What might have been - or be
"The human fascination with what might have been is tiresome, Doctor." General Martok said that to Dr Bashir in the Deep Space Nine episode "Soldiers of the Empire". Earl in Pickles has been expressing the same sentiment, differently phrased, in Pickles all this week, ending with today's strip:
Earl and Opal have crossed from wondering "what might have been" to "what might be".
Interestingly, in English, they both are expressed with "if + past" (a trait English shares with Russian, by the way), but usually the aspect is different: "what if I had decided" is counter-factual, but "what if I decided" is merely a question about the future.
Labels: language
4 Comments:
I'd say that "What if I decided...?" is colloquial usage. The more "proper" form, which we'd consider a bit formal, stilted, or at least hoity-toity, is "What if I should decide...?"

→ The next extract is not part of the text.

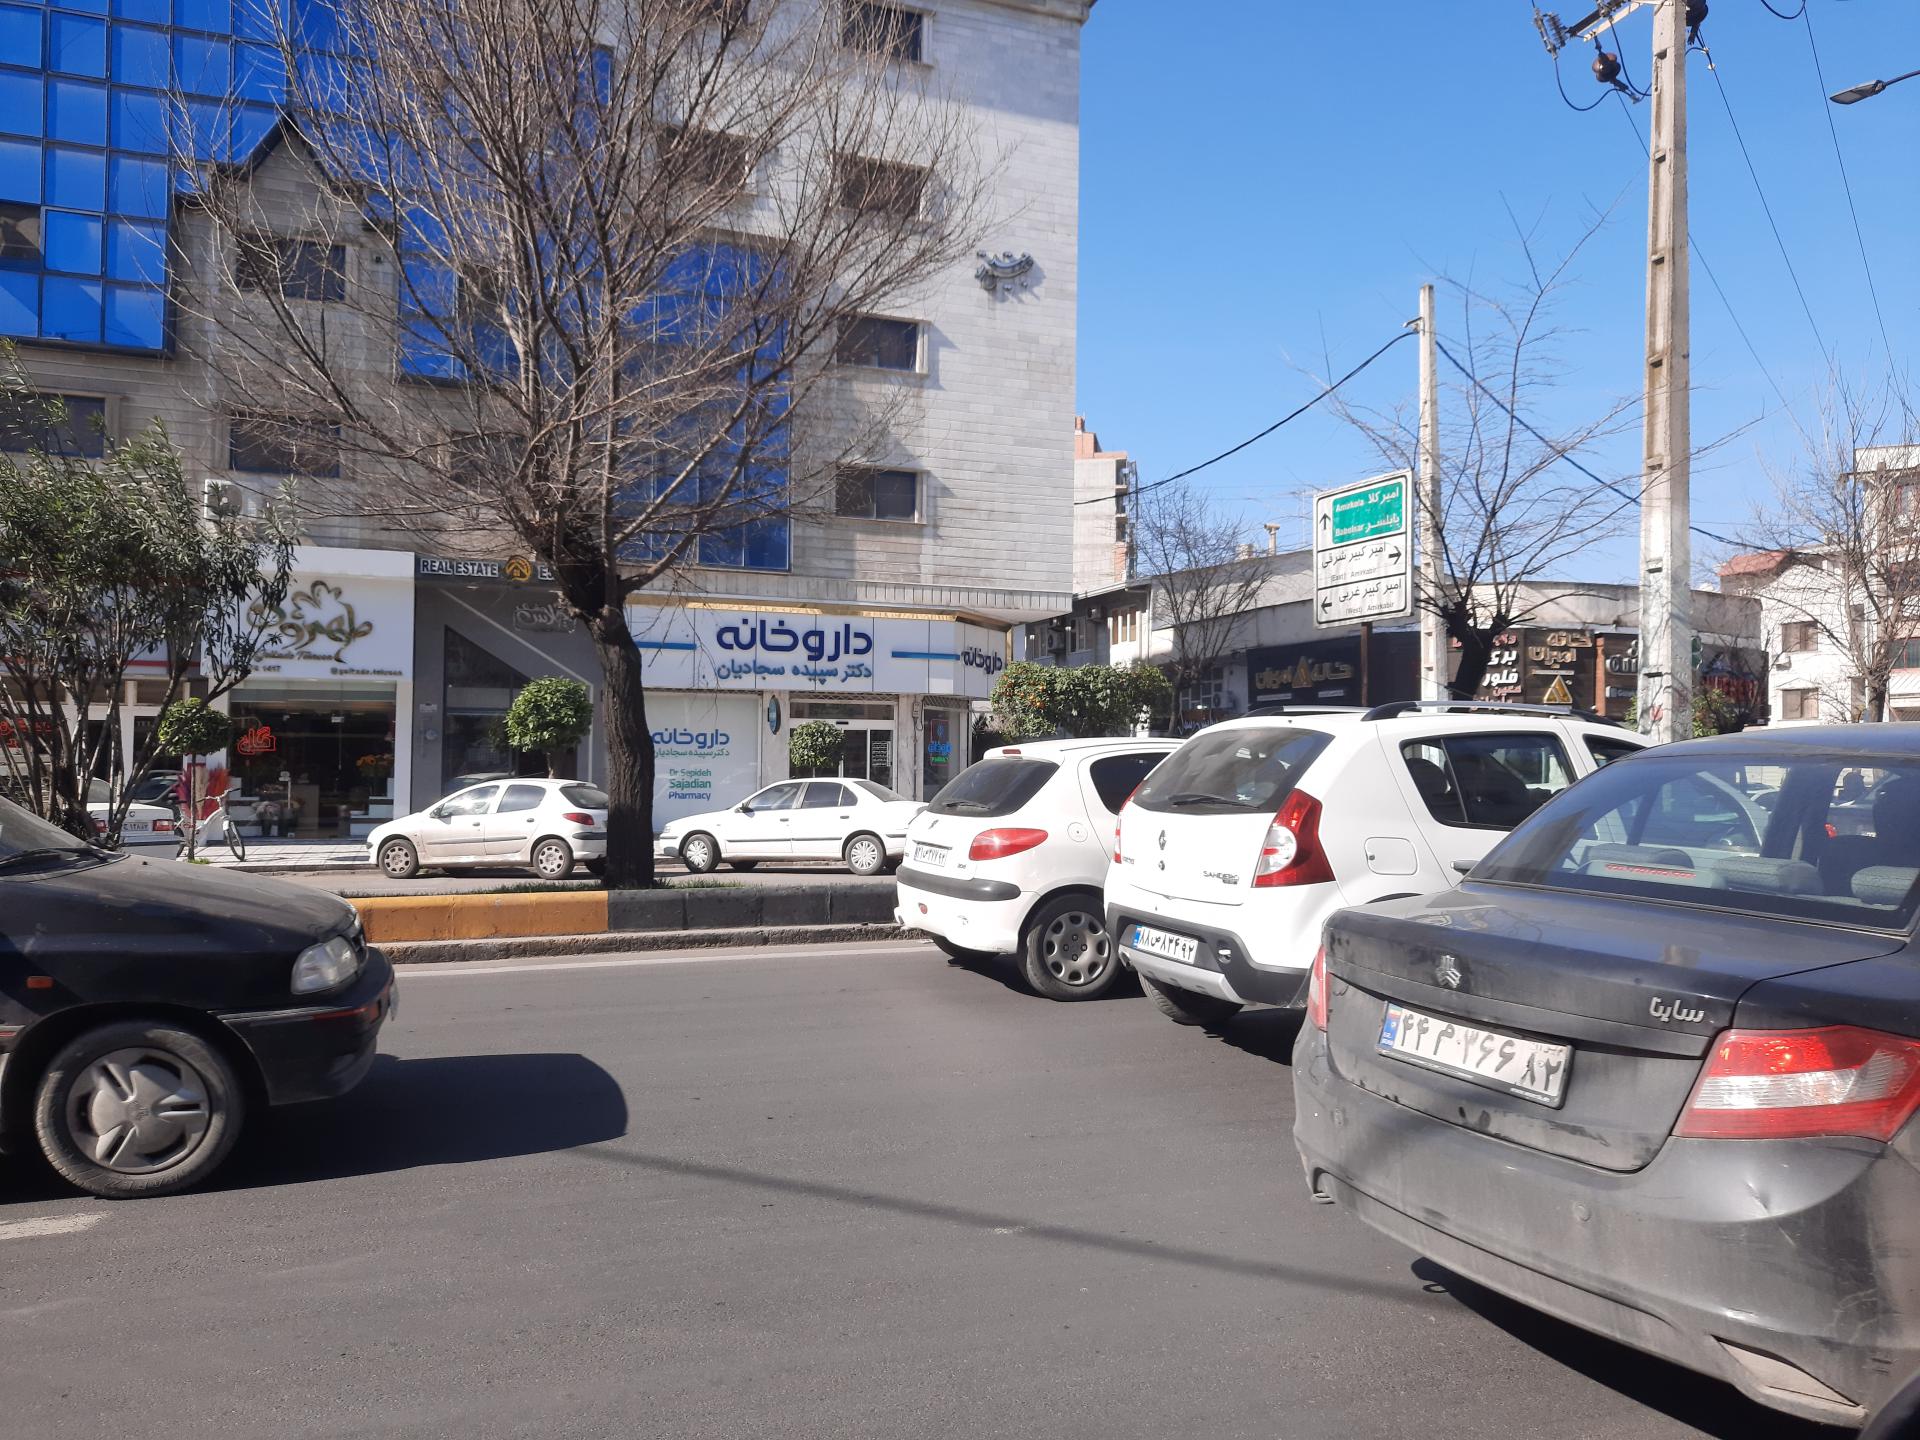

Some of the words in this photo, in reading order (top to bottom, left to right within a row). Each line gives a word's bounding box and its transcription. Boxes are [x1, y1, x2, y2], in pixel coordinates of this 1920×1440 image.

In informal usage, it's ambiguous, and needs context. It's perfectly common to omit the "had" in past-tense usage as well.
"What if I should decide?" I'd never say that.
It's barely possible that I'd say "Should I decide..."
But you're right. "What if I married Bob instead of Jim?" is common enough. Though "What if I'd ..." is more common, in my experience, though the 'd can be easily elided.
I'd say "What if I were to decide ..."
But what do I know?
Ah! The elusive subjunctive seen in the wild!
Yes, that's the formal and old way - the problem being that only for "to be" does that form differ from the simple past.